I was trying to implement a checkpoint system. In the game you can kill enemies and when you respawn in a checkpoint the enemies that you have already killed before getting to the checkpoint should not reappear but the ones you killed after getting to it should. I don’t know how to do this since reloading the scene and placing the player on the checkpoint would make all the enemies appear again but just placing the player on the checkpoint without reloading the scene would not respawn the enemies which are supposed to.
I would also like the checkpoint system to do the same with any other interactable things in the game like collectables or breakable objects.
You have to persist data to reload the scene and then remove enemies you killed before reaching the checkpoint.
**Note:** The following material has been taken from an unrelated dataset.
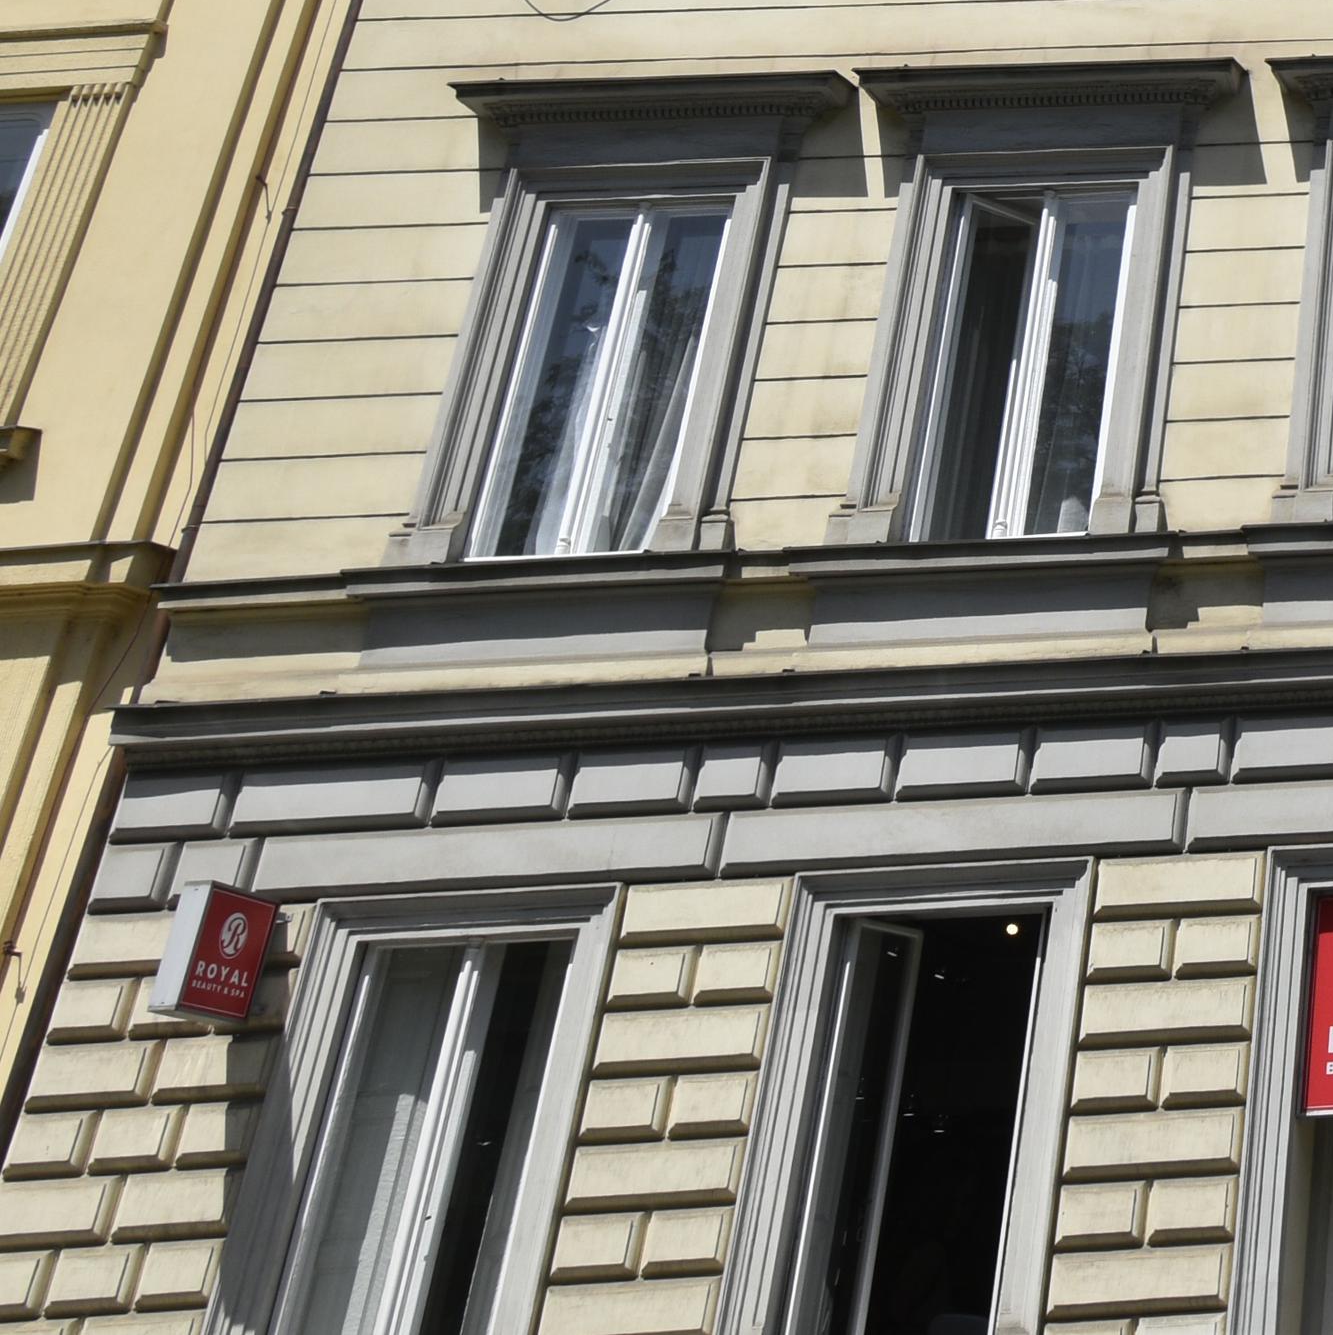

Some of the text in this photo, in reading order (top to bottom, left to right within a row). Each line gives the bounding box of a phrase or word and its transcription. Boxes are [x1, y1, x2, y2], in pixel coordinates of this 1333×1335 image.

To persist data you can write to a file (savegame - which then can be reloaded after closing and re-opening the game), you can write to a ScriptableObject or Prefab-Asset (any kind of Asset is not inside a scene, so it won’t be affected when the scene is reloaded … btw. Scenes are Assets as well, atleast in the Editor), or you can write to an object that is in another scene that doesn’t get unloaded, such as the DontDestroyOnLoad-Scene (there is a method to move objects into this scene).
Probably the easiest way would be to give each enemy in your scene a unique ID.
Then have a temporary list of killed enemies, containing the ID and a “bool isDead”.
Also you have a permenant list of killed enemies, also containing the ID and a “bool isDead” (as mentioned above, this can be a SaveGame-File, ScriptableObject/PrefabAsset or a Component in another Scene).
Once you reach a checkpoint, write the temporary list to the permanent list.
If the player dies, reload the scene, then read the permanent list and remove all enemies that were already killed (according to the permanent list).
Checkpoints are just in the domain of save-game stuff most of the time. Ergo, record the state of objects you care about at certain points in the game, and rewind everything back to that point when needed (such as the player dying). Normally you’d do this for games where you can resume the level at any point, or at the last checkpoint the player was at.
Alternatively, you can ‘tag’ objects (not literal Unity tags but a component of some kind) that assign them to a certain checkpoint. Then when you ‘go back’ to a checkpoint, you reset everything beyond the current checkpoint. I’ve done this in a game where there was no mid-level saving (puzzle platformer with small levels).
Yep, as Spiney notes, just good old loading and saving, very well-traveled ground.
Load/Save steps:
An excellent discussion of loading/saving in Unity3D by Xarbrough:
Loading/Saving ScriptableObjects by a proxy identifier such as name:
When loading, you can never re-create a MonoBehaviour or ScriptableObject instance directly from JSON. The reason is they are hybrid C# and native engine objects, and when the JSON package calls new to make one, it cannot make the native engine portion of the object.
Instead you must first create the MonoBehaviour using AddComponent() on a GameObject instance, or use ScriptableObject.CreateInstance() to make your SO, then use the appropriate JSON “populate object” call to fill in its public fields.
If you want to use PlayerPrefs to save your game, it’s always better to use a JSON-based wrapper such as this one I forked from a fellow named Brett M Johnson on github:
Do not use the binary formatter/serializer: it is insecure, it cannot be made secure, and it makes debugging very difficult, plus it actually will NOT prevent people from modifying your save data on their computers.